In the book, Frist noted that such a change would clear the legal hurdles to harvesting the organs of anencephalic babies for transplants. With approximately 3,000 of them born in the United States each year, that would be "enough to solve our demand many times over," Frist wrote.

From the Orlando Sentinel (LATimes password works) via TPM.

I was planning on a lengthier exegesis here but real life has intervened, so I'll have to make do with a couple of lines:

Actually, it doesn't.
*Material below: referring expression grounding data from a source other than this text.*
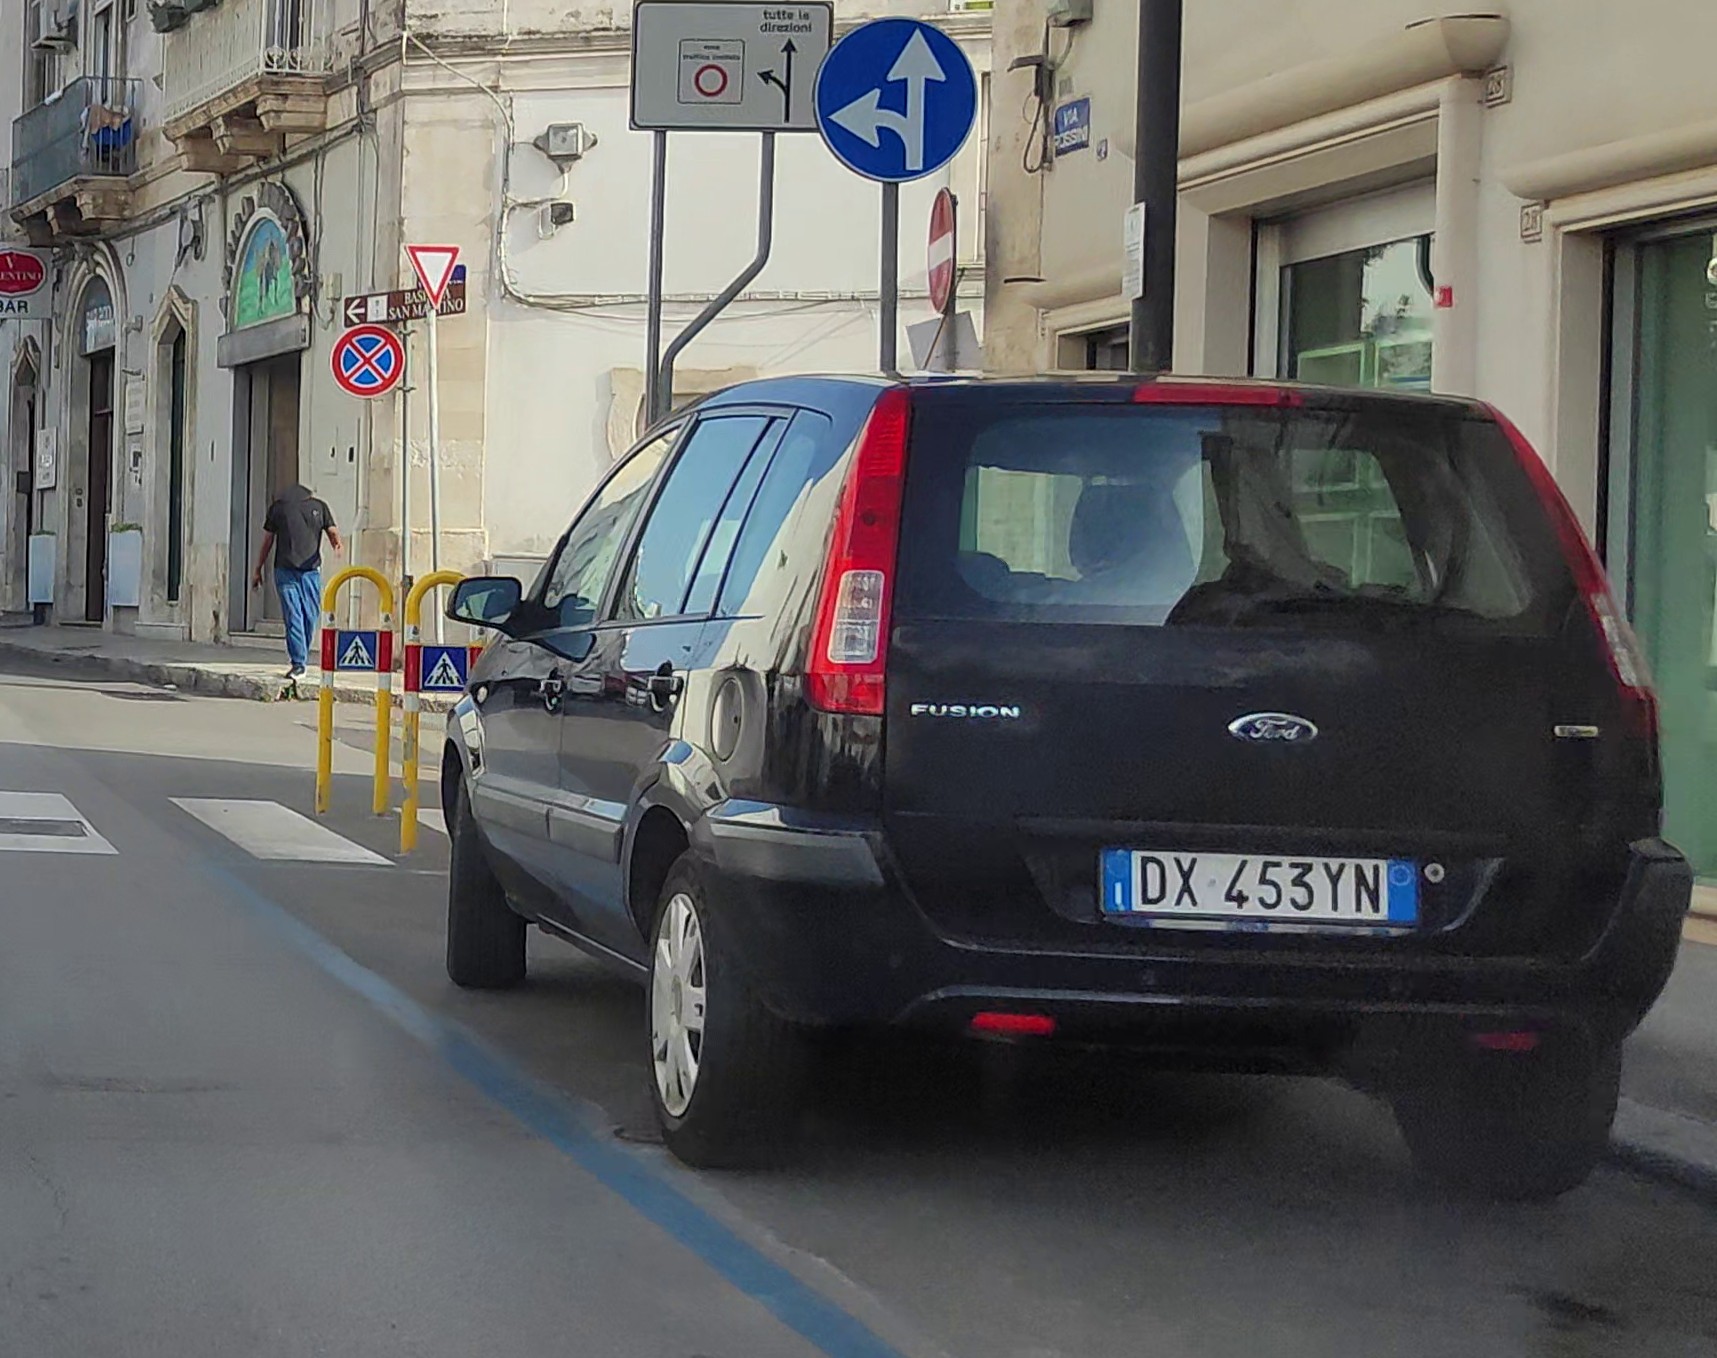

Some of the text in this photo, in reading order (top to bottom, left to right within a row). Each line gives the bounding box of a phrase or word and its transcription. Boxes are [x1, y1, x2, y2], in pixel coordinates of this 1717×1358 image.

[763, 9, 810, 20] tutte le
[760, 22, 812, 33] direzioni
[1063, 107, 1079, 127] VIA
[404, 289, 451, 304] BASIA
[388, 299, 464, 320] SAN MATINO
[910, 704, 1020, 718] FUSION
[1249, 719, 1300, 740] Ford
[1140, 855, 1198, 907] DX
Reading a document in context is not the same as trying to divine the authors intent(s).

This presumes that "context" is somehow extricable from "intent" (and, less often, that "intent" is extricable from "context"), which is a presumption I would hesitate to make; at some point you're going to have to reduce to "what did people think this thing meant?", which is tantamount to a divination of intent. Your distinction here may turn on the definition of intent -- distinguishing between the mental state of an individual as versus the gestalt state of a society -- but I'm not convinced that that's as bright a line as I think you're claiming.

Sorry but this is going to be a small thread jack.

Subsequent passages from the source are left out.